Severe acute respiratory syndrome coronavirus 2 (SARS-CoV-2) spike glycoprotein is the prime target for vaccines, diagnostics, and therapeutic antibodies against the virus. While anchored in the viral envelope, for effective virulence, the spike needs to maintain structural flexibility to recognize the host cell surface receptors and bind to them, a property that can heavily depend upon the dynamics of the unresolved domains, most prominently the stalk. Construction of the complete, membrane-bound spike model and the description of its dynamics are critical steps in understanding the inner working of this key element of the viral infection by SARS-CoV-2. Combining homology modeling, protein–protein docking, and molecular dynamics (MD) simulations, we have developed a full spike structure in a native membrane. Multimicrosecond MD simulations of this model, the longest known single trajectory of the full spike, reveal conformational dynamics employed by the protein to explore the surface of the host cell. In agreement with cryogenic electron microscopy (cryo-EM), three flexible hinges in the stalk allow for global conformational heterogeneity of spike in the fully glycosylated system mediated by glycan–glycan and glycan–lipid interactions.
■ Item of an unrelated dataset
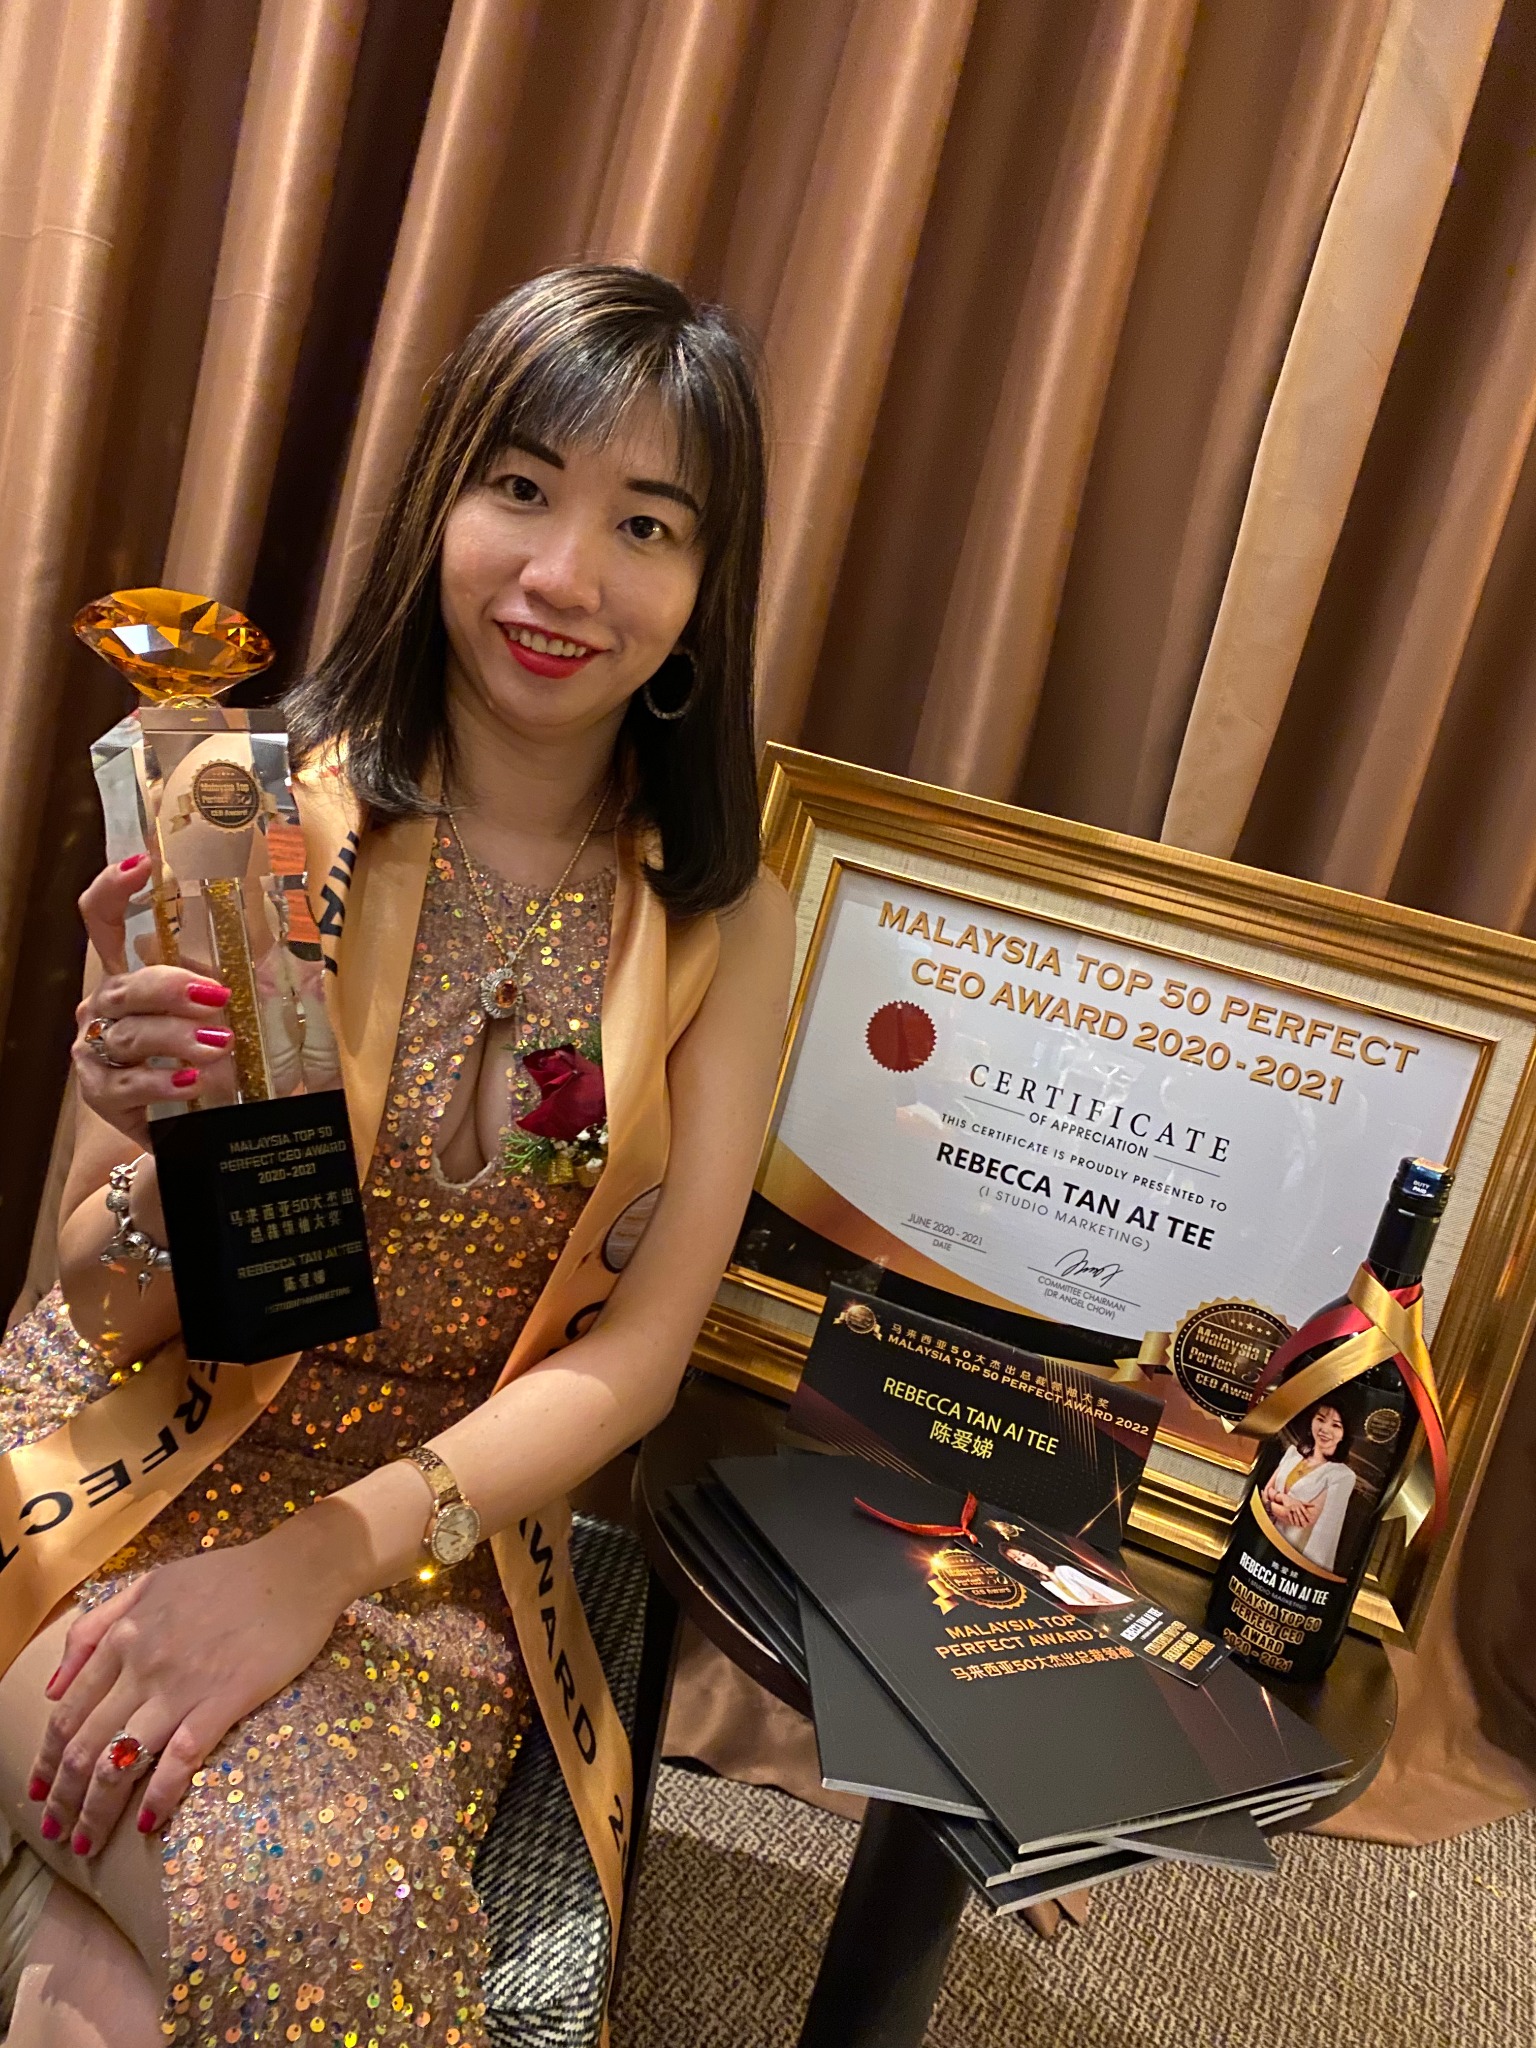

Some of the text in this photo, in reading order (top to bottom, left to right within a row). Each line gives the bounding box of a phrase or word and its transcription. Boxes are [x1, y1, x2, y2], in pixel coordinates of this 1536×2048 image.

The dynamical range of the spike is considerably reduced in its nonglycosylated form, confining the area explored by the spike on the host cell surface. Furthermore, palmitoylation of the membrane domain amplifies the local curvature that may prime the fusion. We show that the identified hinge regions are highly conserved in SARS coronaviruses, highlighting their functional importance in enhancing viral infection, and thereby, provide points for discovery of alternative therapeutics against the virus.